October 8, 2014
'I'll Drink to That: A Life in Style With a Twist'
Matthew Wexler READ TIME: 4 MIN.
Clothes and how to wear them have been a constant in Betty Halbreich's life for most of her 86 years.
Good thing she landed a job at Bergdorf Goodman as a personal shopper nearly four decades ago.
The opportunity couldn't have been better timed. She was fresh out of a mental hospital after a breakdown following her split with her husband. She had found herself alone in his city - it wasn't hers - for the first time and needed a reason to get out of bed.
Fashion and style loomed large in her proper upbringing as a lonely only child in Chicago. At the famed department store, it was the thing that saved her life. But with age, she's made a few changes, particularly when it comes to her relationship with clothes.

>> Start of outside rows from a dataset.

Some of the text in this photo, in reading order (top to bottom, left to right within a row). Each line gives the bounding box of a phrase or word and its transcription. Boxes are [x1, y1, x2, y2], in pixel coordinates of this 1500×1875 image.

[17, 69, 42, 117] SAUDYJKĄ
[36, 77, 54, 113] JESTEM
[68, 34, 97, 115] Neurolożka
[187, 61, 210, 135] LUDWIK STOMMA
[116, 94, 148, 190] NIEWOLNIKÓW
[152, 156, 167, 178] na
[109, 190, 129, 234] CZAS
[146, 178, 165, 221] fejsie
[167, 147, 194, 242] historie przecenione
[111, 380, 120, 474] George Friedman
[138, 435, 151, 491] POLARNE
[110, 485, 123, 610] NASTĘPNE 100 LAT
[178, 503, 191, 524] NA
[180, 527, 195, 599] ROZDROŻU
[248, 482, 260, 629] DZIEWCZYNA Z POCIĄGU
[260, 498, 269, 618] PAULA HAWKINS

"I've loved clothes all of my life. I don't love them personally anymore. It's more of a job. Today it's like whatever's in the closet," the blunt-spoken Halbreich said by phone in a recent interview.
Dressing "correctly" has always come easy for Halbreich, especially under the watchful eye of her fastidious mother, so sharing that love by dressing others is about the only job she could have imagined.

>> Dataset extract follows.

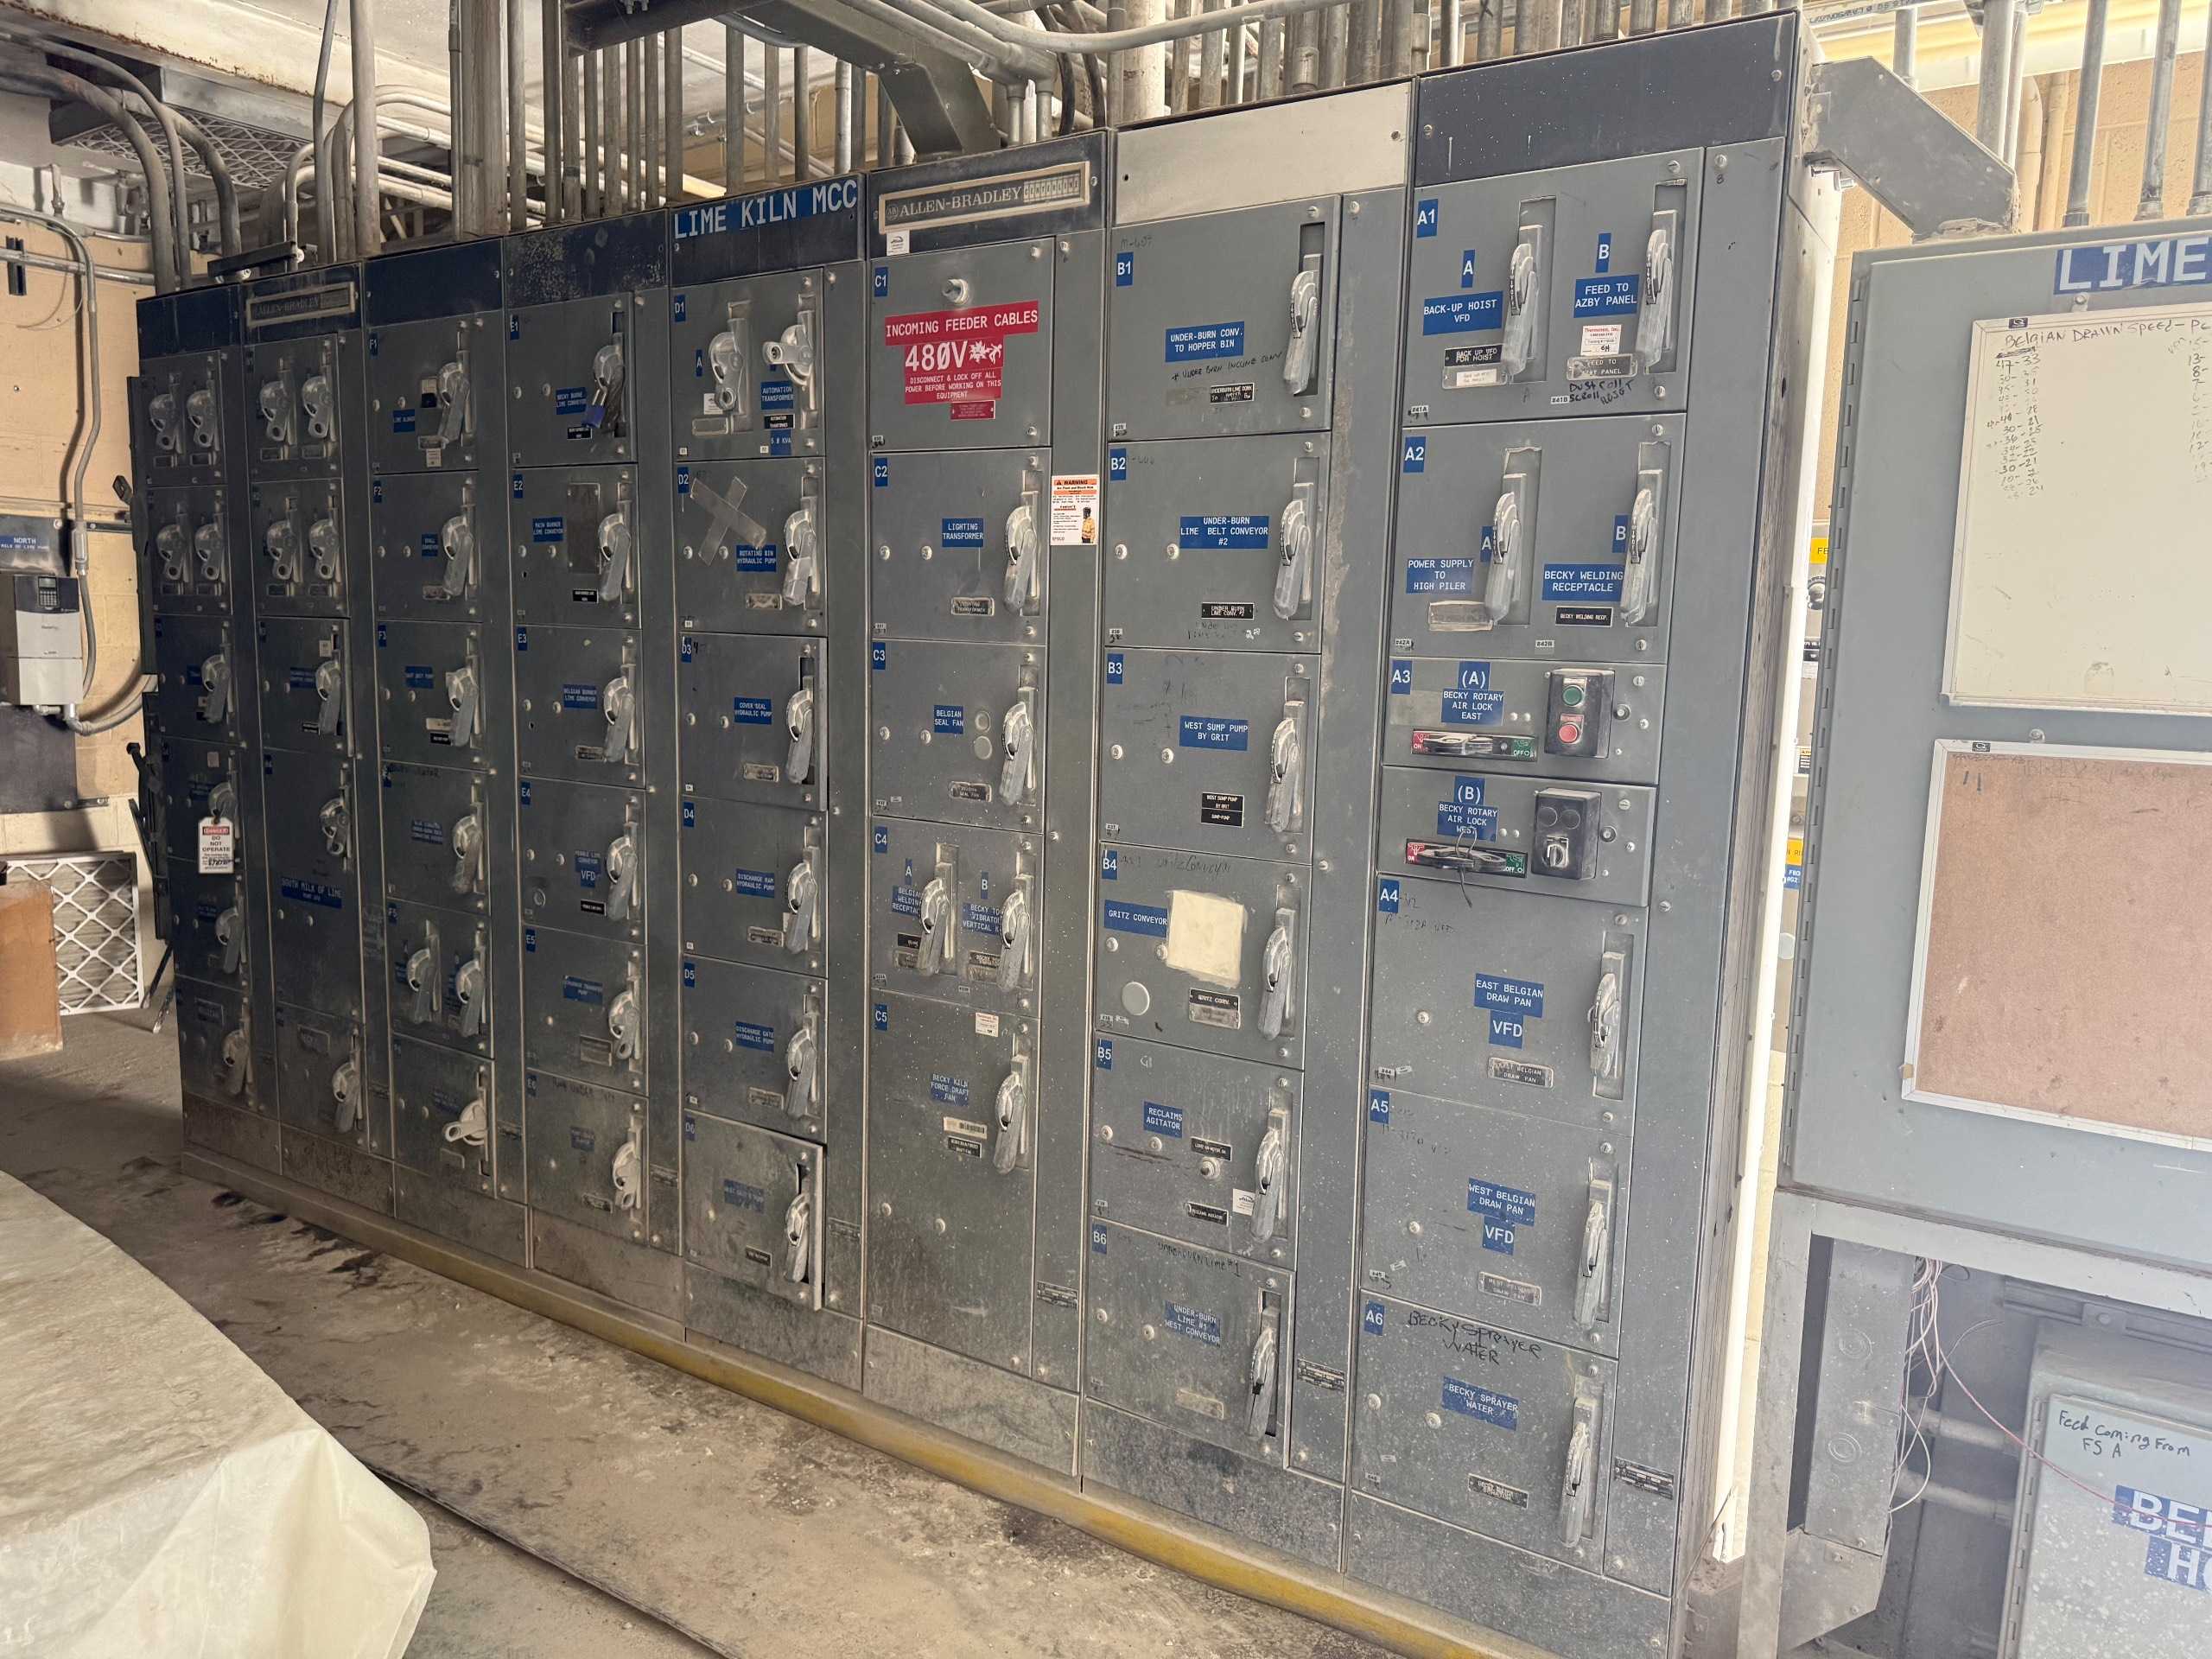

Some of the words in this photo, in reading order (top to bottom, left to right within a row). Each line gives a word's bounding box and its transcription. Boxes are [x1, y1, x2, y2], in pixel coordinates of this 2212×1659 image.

Halbreich, with two grown children and three grandchildren, is remarkably still on the job, pulling looks for clients from the racks at Bergdorf and posing them in front of her unforgiving three-way mirror in the Solutions Department.
She lays out her life in a new book, "I'll Drink to That: A Life in Style with a Twist," co-written by Rebecca Paley and released in September by Penguin Press.

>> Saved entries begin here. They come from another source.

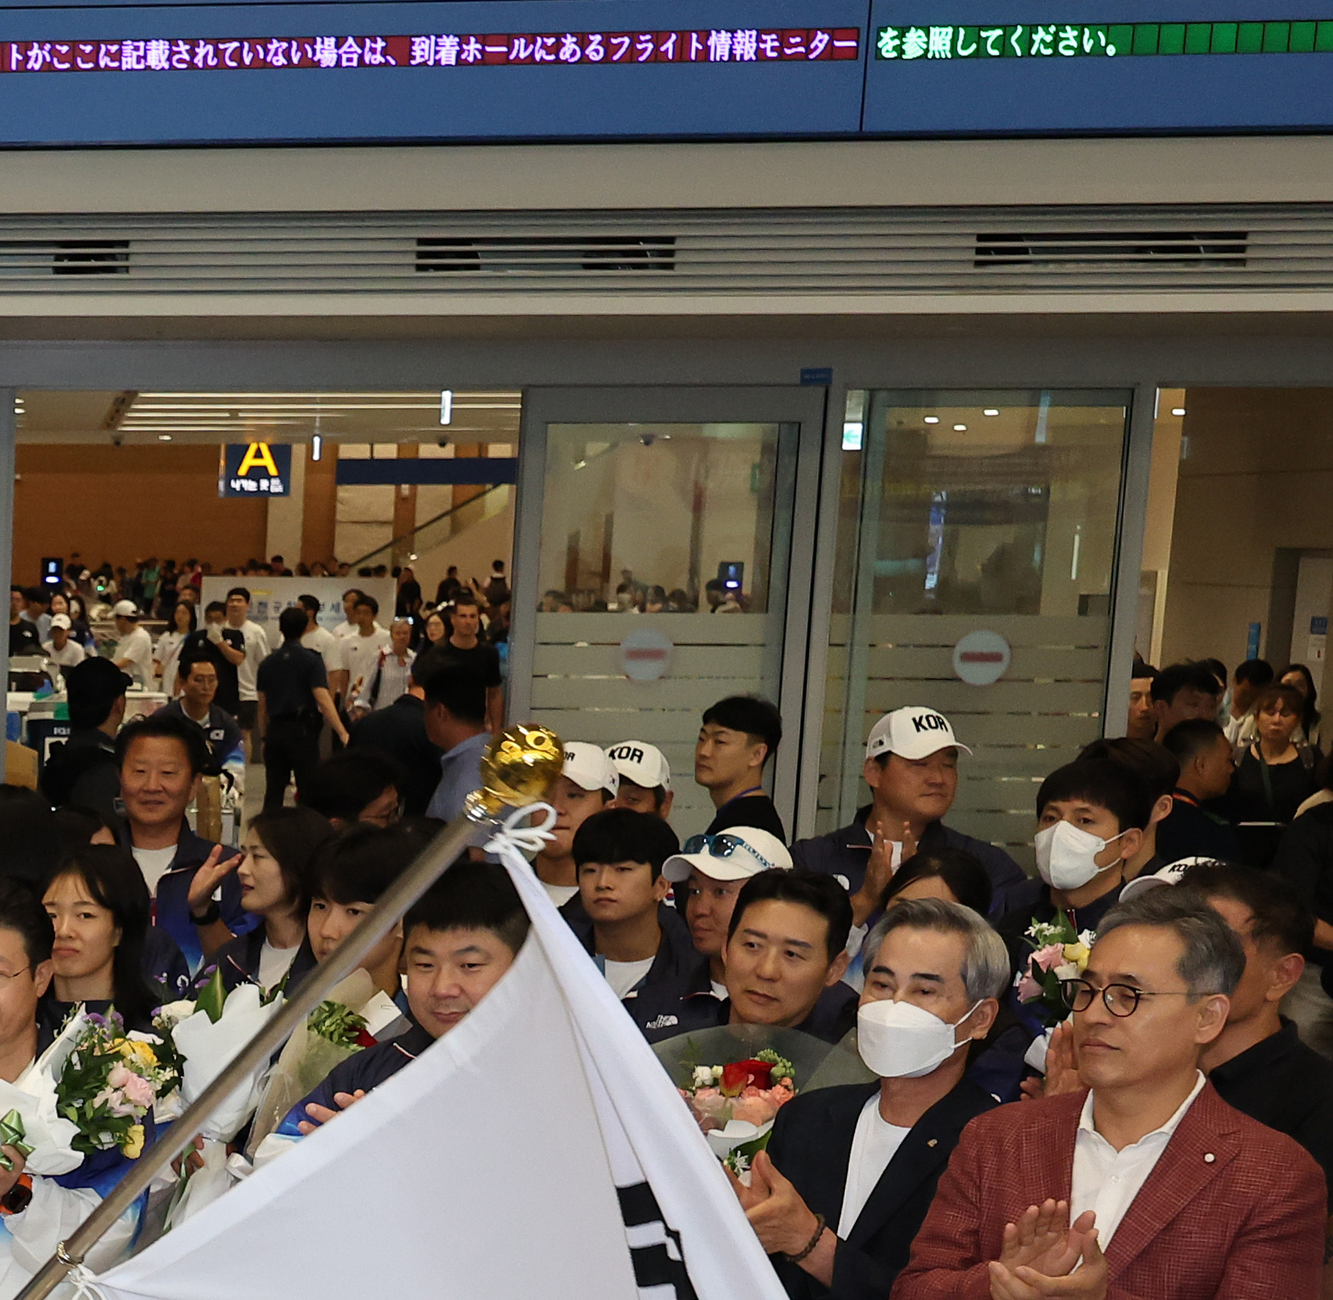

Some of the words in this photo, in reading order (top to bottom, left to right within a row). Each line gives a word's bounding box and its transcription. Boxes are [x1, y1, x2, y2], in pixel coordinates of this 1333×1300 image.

[877, 26, 1117, 60] を参照してください。
[237, 442, 279, 476] A
[911, 714, 949, 733] KOR
[563, 751, 576, 762] OR
[608, 746, 644, 764] KOR
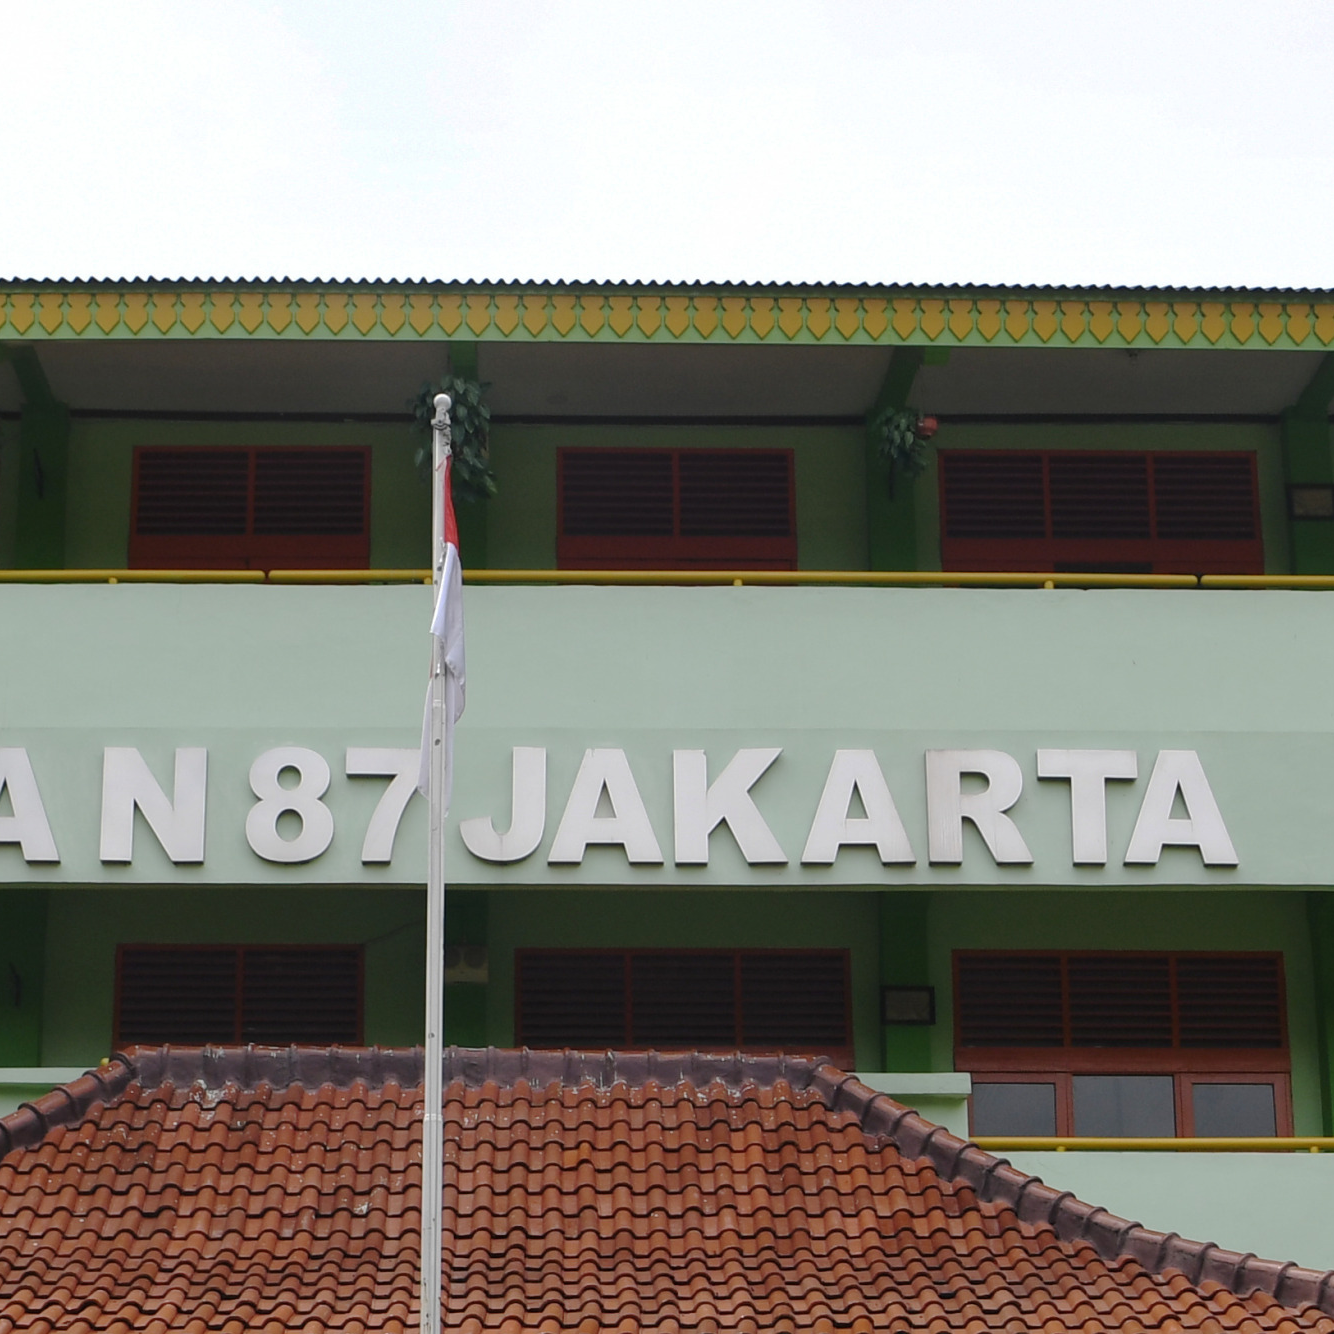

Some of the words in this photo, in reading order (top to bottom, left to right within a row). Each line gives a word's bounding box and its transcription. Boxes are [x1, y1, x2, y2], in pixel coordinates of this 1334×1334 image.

[99, 745, 209, 866] N
[245, 745, 423, 866] 87
[458, 745, 1240, 867] JAKARTA

A conversation with Betty Halbreich:
AP: Closets have always been a source of comfort to you. They've played a huge role in your life.
Halbreich: They're my playhouse, like my dollhouse when I was growing up. I can get up in the middle of the night and start doing them. I live in eight rooms. I have 12 closets. I just keep rearranging all the retro clothes backward and forward.
Closets and keeping them neat are like a hobby. It's really going back to my childhood. I've had enough psychiatry to tell you.
AP: You have an odd relationship with mirrors. You're surrounded by them all day long at the store.
Halbreich: I do have an odd relationship. My mirror is so terrible at home that when I see myself in a better mirror when I come to work I say, 'My God, Betty. Turn up the lights. Don't walk out in the morning looking like a shadow.'
But clients, I teach how to look in the mirror. It's so interesting. It's a reversal. It's psychological. I've always had a fight with mirrors. I've never liked a mirror image. I've never really liked who I was, you know. I like who I am today because I'm more comfortable.
AP: How do you train somebody to like their image in the mirror?
Halbreich: My mirrors are three-way and most women do not like that three-way mirror thrown at them, where you see your rear end, and you see your side view. But if they're really enamored of some beautiful piece of clothing it works.
I know what looks good on them the minute they put it on. Look, 37 years of this stupid job, if I don't know that it doesn't look good on them I should really leave.
AP: So you don't live, eat and breathe fashion and shopping?
Halbreich: When I leave the store I try to live another life. I don't talk about clothes. I haven't been in Saks since they put the escalator in (that would be 1979). Maybe I'll have to go to Bloomingdale's to buy a pillowcase, but I don't tread in other stores. I find it extremely boring. It's like eating too much candy.
I don't want to bring it home. I'm really not interested.
AP: Have you ever dressed Lena Dunham? She's developing a TV series inspired by you and your book.
Halbreich: Absolutely with a great big N.0. Never. Never attempted to. Never talked about it. I usually put my arm around her and I'll say, 'What is all of that?' I think a lot of it's done tongue in cheek, and I approve of it. And I wouldn't touch it with a 10-foot pole.
We're going to have such a good time together if we ever get on with this, whatever we're doing. I feel like she's my other child. We're soul mates in a strange way. We've suffered through some of the same things. We think a lot alike. She's sweeter than I am.
AP: You appeared in last year's documentary "Scatter My Ashes at Bergdorf's." Where would you like your ashes scattered?
Halbreich: I'd like my son, who loves Chicago like I do, to take them back. I was back there recently. I felt like I've never left it, or why did I leave it? You really can go home again. So I would like them to be scattered there. Or flushed. Either way.
AP: But not Bergdorf's?
Halbreich: Are you crazy? I don't think they'd have them.